Le maire de Sherbrooke, Steve Lussier, est tout aussi mécontent que ses collègues que les centres de services scolaires puissent désormais exiger la cession de bâtiments ou de terrains municipaux.

La loi 40 à l’ordre du jour du caucus des grandes villes

La loi 40 sera à l’ordre du jour du caucus des grandes villes de l’Union des municipalités du Québec (UMQ) à Montréal, ce jeudi. Le maire de Sherbrooke, Steve Lussier, est tout aussi mécontent que ses collègues que les centres de services scolaires puissent désormais exiger la cession de bâtiments ou de terrains municipaux.

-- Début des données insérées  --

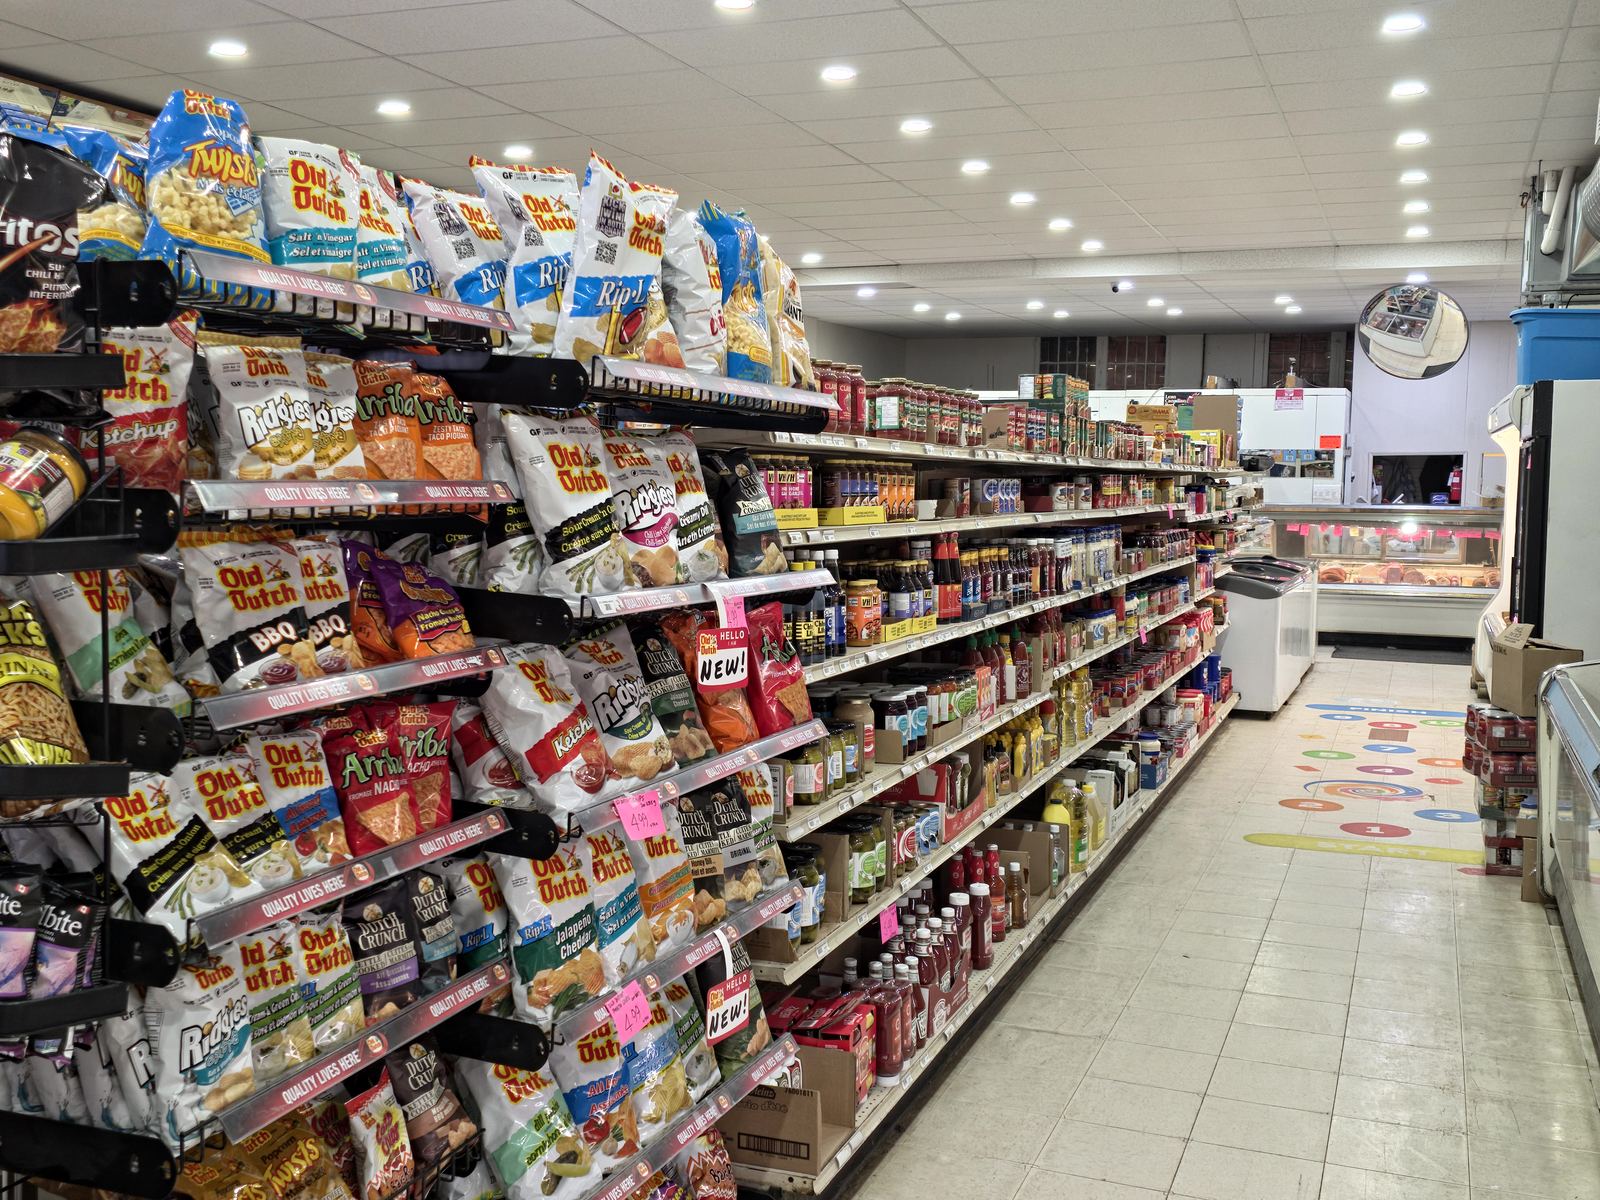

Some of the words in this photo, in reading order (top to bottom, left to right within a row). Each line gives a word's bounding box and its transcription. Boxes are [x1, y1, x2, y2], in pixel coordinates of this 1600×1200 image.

« Comme toutes les autres municipalités, on est resté surpris de cette nouvelle-là, qui est arrivée à la toute dernière minute en plus. Au niveau de l’Union des municipalités du Québec (UMQ), je serai jeudi au caucus des grandes villes à Montréal. Il y a un point à l’ordre du jour qui portera sur ce changement-là », a commenté le maire Lussier, en marge d’un point de presse au Cégep de Sherbrooke.

À LIRE AUSSI: Cession obligatoire de terrains sous la loi 40: pas question de reculer, dit Legault

Adoption sous bâillon du projet de loi 40 : « On était un caillou dans son soulier »

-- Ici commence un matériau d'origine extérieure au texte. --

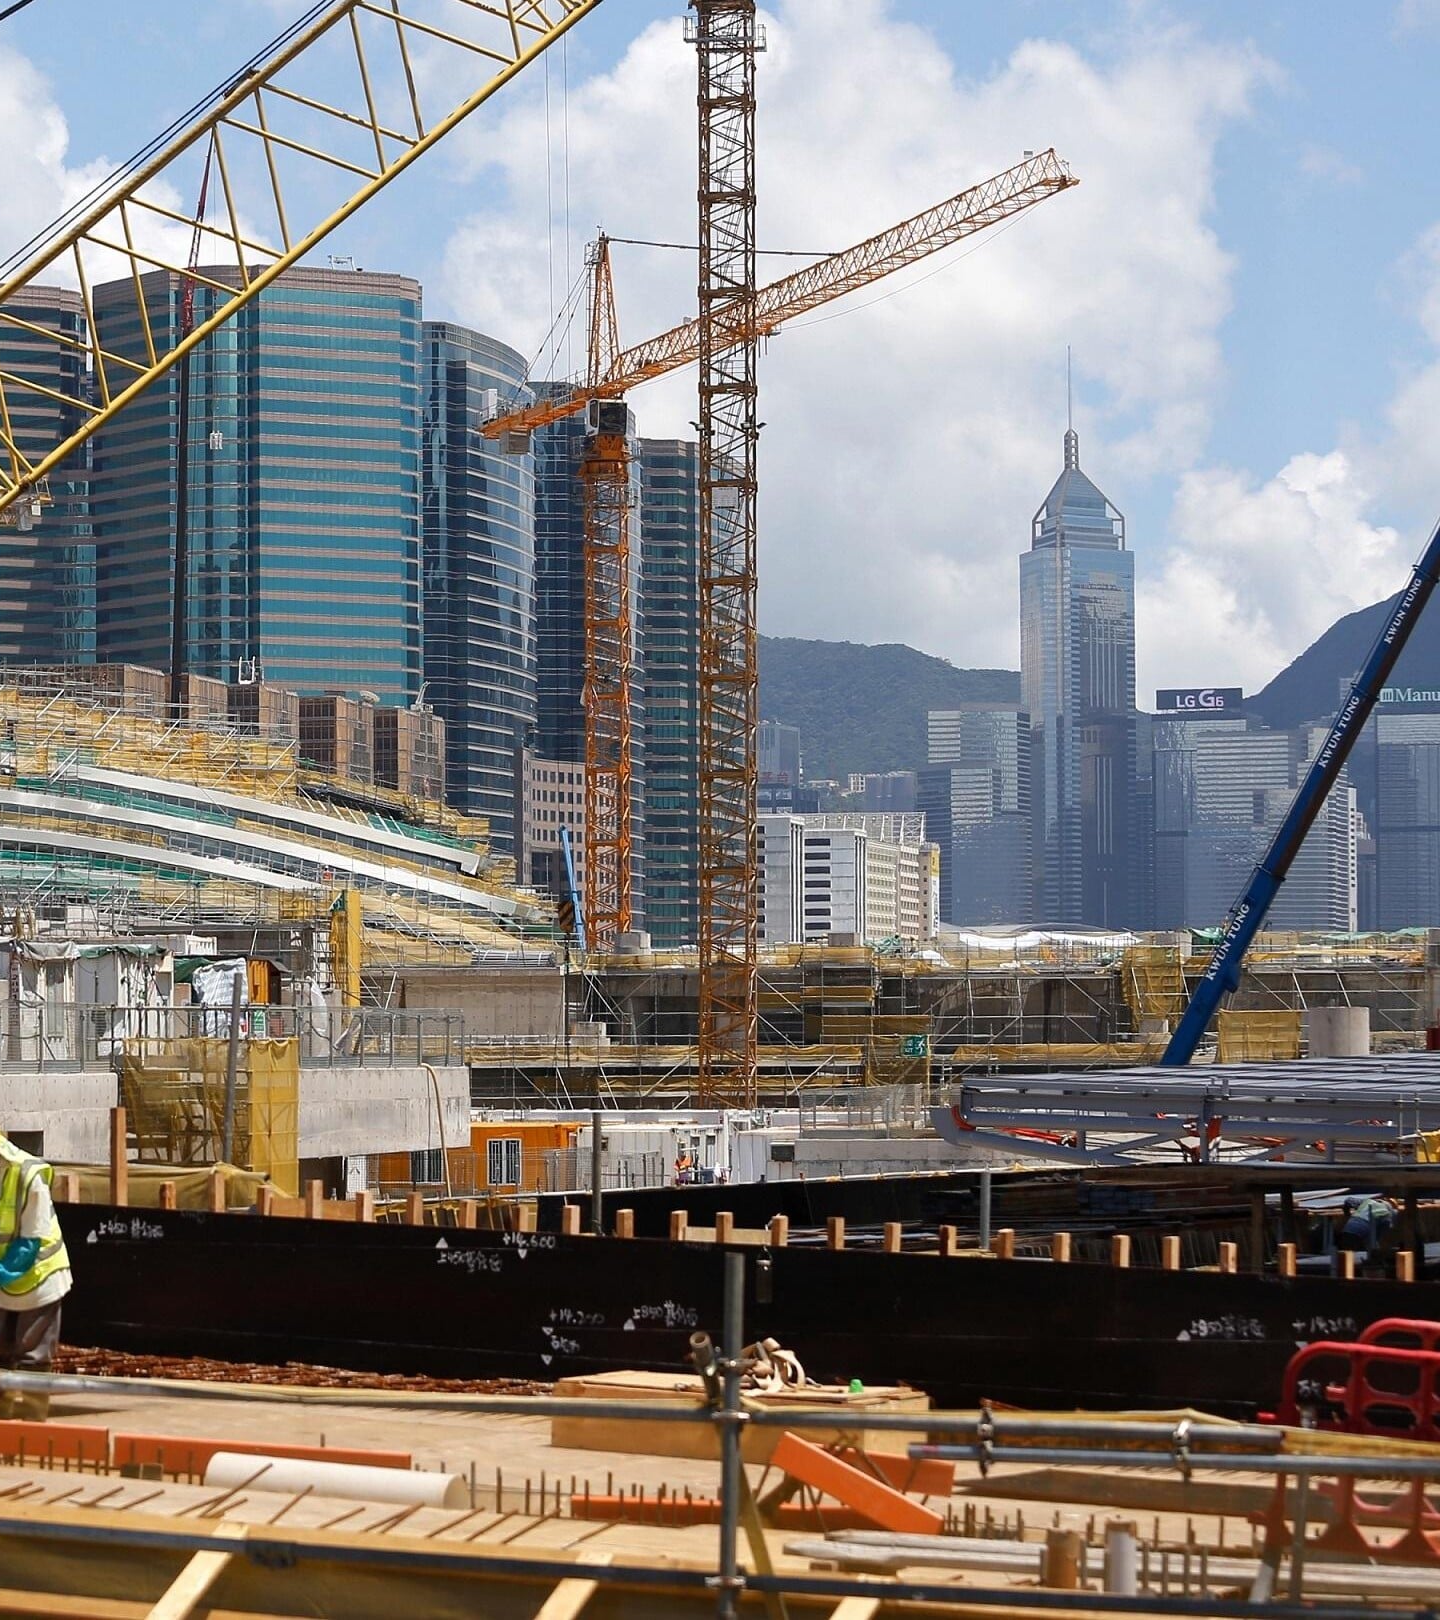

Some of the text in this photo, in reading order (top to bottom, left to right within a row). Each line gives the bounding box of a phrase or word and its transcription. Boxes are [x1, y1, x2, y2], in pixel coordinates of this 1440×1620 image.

[1384, 578, 1422, 644] KWUN TUNG
[1176, 695, 1196, 708] LG
[1318, 695, 1360, 768] KWUN TUNG
[1206, 903, 1250, 981] KWUN TUNG

Il assure que des représentations seront faites auprès des députés de la région. Lundi, l’UMQ a dénoncé publiquement cette disposition de la loi, qui ne comprend pas de compensation financière. En entrevue lundi, la conseillère municipale Chantal L’Espérance — et élue scolaire pendant près de 25 ans — dit être tombée à la renverse en apprenant cette nouvelle.

Que répond la députée caquiste de Saint-François, Geneviève Hébert, face à la grogne du monde municipal?

« C’est une disposition qu’il y avait déjà dans la loi (...). Ça s’appliquait déjà, on vient la mettre dans le temps. On donne un temps limite pour prendre des ententes entre la Ville et le centre de services. Présentement, il y a des dossiers où ça n’avance pas parce qu’il n’y a pas d’entente, donc on ne peut pas faire des agrandissements d’écoles ou bâtir de nouvelles écoles, et c’est urgent. C’est pour ça. C’était déjà dans la loi. Il n’y a jamais eu de problème à Sherbrooke ou dans les petites municipalités, ce sont peut-être des enjeux que l’on retrouve davantage dans les grandes municipalités ou dans les grandes métropoles. »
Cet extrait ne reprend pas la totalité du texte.